Another “A” word-Course Evaluations

In course evaluations, teaching on December 15, 2010 at 5:14 pm

In a summary of a future to-be-published article, the Chronicle noted in an article titled  “Students Lie on Course Evaluations” that students admitted lying in a way that harms faculty in student course evaluations. That’s the “A” word that relates to faculty promotion and evaluation-assessments students make of faculty.

Faculty who study the field know that course evaluations should be only one of many items that are considered when evaluating faculty performance for retention, tenure or promotion. Our University’s policy is that there are many factors that should be factored in to a decision about how well faculty encourage student learning. Yet, many who are on faculty committees will spend an inordinate about of time developing and applying complex formulas to incorporate the results of course evaluations in a way that makes those course evaluations the pre-eminent determinant of faculty performance.
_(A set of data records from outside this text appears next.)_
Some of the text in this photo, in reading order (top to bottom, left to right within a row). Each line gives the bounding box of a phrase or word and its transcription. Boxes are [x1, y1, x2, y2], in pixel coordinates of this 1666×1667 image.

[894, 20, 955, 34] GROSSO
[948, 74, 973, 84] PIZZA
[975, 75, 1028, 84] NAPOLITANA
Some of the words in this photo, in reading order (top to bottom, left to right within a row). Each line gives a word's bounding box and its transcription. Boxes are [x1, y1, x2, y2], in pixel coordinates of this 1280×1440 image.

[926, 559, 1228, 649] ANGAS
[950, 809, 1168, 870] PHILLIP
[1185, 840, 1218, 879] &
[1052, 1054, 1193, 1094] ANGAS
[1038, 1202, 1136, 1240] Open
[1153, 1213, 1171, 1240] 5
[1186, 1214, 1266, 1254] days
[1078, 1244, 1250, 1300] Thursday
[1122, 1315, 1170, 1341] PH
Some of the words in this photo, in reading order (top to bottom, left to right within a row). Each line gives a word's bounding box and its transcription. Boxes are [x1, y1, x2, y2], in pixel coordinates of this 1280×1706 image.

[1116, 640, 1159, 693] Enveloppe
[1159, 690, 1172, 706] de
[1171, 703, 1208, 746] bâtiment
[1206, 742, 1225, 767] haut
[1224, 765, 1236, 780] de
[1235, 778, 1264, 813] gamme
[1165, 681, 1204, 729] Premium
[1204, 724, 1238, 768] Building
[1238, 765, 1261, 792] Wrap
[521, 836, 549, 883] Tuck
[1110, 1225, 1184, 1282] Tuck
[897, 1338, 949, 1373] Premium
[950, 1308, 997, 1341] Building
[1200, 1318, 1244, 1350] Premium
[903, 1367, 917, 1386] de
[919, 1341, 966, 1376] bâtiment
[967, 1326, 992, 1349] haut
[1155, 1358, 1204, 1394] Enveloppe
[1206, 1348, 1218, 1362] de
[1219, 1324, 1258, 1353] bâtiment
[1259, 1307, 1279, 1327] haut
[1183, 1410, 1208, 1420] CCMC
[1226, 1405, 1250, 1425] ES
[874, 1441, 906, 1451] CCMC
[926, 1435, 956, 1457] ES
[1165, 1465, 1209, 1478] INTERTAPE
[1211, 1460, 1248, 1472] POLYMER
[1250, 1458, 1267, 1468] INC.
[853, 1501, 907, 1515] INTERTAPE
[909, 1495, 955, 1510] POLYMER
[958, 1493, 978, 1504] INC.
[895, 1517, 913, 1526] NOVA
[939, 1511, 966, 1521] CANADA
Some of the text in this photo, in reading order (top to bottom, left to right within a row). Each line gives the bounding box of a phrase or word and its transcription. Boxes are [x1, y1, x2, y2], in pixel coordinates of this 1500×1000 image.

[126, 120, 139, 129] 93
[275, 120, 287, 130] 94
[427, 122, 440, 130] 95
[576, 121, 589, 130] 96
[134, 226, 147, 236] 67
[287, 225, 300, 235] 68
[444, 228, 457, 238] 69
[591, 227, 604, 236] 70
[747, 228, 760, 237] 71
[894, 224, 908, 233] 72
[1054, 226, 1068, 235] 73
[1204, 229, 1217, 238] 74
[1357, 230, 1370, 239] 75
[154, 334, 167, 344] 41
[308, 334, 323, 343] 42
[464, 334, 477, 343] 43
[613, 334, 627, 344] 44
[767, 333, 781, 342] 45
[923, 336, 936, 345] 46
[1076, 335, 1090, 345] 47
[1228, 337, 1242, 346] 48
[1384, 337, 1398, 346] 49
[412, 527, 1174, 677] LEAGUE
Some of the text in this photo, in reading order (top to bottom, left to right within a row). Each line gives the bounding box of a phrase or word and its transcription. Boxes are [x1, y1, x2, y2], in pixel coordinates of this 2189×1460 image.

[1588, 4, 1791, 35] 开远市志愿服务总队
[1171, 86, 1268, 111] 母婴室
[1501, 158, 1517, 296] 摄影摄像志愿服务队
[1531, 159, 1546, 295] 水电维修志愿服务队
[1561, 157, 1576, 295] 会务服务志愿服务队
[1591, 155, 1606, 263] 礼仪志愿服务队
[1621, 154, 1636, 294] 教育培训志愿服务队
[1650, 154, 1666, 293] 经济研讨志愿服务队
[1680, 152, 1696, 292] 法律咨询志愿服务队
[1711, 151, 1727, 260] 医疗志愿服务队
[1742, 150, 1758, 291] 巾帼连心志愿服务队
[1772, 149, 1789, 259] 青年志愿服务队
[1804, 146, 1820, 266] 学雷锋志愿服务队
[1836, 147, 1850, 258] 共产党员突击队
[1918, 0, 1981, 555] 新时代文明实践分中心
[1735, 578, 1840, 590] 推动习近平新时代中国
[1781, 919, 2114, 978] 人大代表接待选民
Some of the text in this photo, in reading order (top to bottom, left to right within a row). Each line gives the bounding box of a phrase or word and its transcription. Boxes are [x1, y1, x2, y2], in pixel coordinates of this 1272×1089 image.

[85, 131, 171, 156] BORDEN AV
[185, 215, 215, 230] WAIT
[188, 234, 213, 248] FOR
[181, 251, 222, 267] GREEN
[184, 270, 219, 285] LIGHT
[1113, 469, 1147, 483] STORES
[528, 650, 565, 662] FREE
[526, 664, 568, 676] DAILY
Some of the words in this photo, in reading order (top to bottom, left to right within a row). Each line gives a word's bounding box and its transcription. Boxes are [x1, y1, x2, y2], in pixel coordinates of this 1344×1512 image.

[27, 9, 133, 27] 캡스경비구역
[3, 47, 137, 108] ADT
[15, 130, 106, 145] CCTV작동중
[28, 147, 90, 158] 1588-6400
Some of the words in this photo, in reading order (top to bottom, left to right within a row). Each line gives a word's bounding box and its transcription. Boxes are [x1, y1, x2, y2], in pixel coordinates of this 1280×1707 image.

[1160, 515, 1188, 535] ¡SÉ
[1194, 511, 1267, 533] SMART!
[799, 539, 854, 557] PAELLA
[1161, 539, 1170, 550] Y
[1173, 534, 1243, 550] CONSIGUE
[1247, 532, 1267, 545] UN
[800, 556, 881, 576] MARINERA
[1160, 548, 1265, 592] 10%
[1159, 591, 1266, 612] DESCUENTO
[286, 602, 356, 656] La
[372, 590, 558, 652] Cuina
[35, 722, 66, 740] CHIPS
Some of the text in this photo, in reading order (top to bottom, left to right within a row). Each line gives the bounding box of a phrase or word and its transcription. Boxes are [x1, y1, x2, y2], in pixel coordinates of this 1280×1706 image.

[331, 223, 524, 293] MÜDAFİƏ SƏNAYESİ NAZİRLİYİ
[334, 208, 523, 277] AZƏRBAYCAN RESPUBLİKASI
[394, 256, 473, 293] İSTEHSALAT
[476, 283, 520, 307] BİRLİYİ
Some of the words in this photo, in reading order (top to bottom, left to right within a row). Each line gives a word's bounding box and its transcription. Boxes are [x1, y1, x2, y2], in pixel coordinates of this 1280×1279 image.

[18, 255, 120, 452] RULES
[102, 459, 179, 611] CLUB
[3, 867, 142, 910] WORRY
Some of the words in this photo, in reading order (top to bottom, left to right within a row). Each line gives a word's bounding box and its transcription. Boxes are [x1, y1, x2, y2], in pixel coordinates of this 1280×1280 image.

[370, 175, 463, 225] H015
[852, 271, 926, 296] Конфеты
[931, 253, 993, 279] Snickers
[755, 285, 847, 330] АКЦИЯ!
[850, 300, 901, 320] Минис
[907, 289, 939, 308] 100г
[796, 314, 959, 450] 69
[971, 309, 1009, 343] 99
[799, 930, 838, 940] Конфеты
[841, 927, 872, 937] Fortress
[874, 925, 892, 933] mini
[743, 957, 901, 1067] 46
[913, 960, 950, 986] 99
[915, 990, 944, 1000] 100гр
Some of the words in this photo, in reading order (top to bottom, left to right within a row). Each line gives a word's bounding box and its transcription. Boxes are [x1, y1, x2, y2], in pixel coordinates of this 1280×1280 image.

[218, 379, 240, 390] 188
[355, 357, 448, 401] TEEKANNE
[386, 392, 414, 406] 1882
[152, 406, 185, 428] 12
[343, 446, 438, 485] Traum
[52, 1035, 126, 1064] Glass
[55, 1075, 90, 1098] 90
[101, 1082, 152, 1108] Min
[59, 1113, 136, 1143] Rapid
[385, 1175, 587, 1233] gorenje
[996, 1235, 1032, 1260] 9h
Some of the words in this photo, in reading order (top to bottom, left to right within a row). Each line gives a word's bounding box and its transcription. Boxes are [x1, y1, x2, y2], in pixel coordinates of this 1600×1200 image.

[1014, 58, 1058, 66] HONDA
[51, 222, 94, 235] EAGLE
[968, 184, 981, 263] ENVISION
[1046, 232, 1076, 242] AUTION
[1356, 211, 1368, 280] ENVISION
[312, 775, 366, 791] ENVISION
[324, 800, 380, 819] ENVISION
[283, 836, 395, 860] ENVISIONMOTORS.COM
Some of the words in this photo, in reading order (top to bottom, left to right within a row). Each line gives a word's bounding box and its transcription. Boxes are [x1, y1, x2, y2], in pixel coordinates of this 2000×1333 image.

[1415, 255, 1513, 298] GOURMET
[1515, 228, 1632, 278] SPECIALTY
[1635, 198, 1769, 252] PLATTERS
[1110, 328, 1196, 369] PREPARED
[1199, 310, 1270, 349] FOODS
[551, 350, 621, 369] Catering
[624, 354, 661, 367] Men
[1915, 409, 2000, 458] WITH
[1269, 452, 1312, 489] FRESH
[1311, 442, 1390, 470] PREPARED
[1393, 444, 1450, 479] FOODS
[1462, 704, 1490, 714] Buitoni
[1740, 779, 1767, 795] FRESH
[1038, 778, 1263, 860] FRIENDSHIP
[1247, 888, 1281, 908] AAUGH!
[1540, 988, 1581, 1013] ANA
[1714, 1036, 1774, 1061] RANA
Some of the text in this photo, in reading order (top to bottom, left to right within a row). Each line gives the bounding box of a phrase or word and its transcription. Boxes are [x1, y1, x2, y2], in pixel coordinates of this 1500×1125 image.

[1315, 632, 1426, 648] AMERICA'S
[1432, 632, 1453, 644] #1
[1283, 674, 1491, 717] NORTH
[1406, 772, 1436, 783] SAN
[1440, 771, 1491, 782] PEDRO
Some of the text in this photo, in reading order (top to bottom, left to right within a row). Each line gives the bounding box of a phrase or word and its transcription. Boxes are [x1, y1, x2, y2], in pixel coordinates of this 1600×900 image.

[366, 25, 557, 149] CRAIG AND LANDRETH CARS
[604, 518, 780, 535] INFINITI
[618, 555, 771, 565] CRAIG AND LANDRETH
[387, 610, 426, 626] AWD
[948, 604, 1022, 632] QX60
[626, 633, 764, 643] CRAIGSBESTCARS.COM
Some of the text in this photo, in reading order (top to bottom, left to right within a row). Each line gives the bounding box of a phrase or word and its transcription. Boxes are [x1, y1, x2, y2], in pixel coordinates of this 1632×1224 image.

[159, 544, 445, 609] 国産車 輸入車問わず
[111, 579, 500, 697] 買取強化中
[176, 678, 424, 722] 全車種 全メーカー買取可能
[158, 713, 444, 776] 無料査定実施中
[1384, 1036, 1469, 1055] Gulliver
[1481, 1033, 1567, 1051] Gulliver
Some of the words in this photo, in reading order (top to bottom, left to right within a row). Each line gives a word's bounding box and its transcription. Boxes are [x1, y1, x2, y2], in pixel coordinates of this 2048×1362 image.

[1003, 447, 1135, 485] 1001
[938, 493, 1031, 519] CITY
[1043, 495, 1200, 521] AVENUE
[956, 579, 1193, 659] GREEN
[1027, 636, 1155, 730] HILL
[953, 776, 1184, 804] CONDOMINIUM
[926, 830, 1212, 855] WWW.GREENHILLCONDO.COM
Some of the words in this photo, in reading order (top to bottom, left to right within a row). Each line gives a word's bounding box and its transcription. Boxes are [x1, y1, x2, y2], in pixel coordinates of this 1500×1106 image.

Why is it that we are so comfortable with using course evaluation numbers as the primary factor to determine whether someone is a good teacher? Those numbers can be so easily manipulated. I know of some faculty who give students treats before the evaluations are administered. That has an impact on perception.

A couple of times I’ve returned exam results immediately before evaluations were administered. Since everyone was not happy with those results, my course evaluations declined. Although my overall course evaluation numbers have been good, I know that I have done things that have an impact on the evaluations and that those things are not directly related to teaching.

Perhaps the study referenced in the article will help us agree on the appropriate weight for student evaluations so that faculty can work on creating a learning environment instead of pleasing students.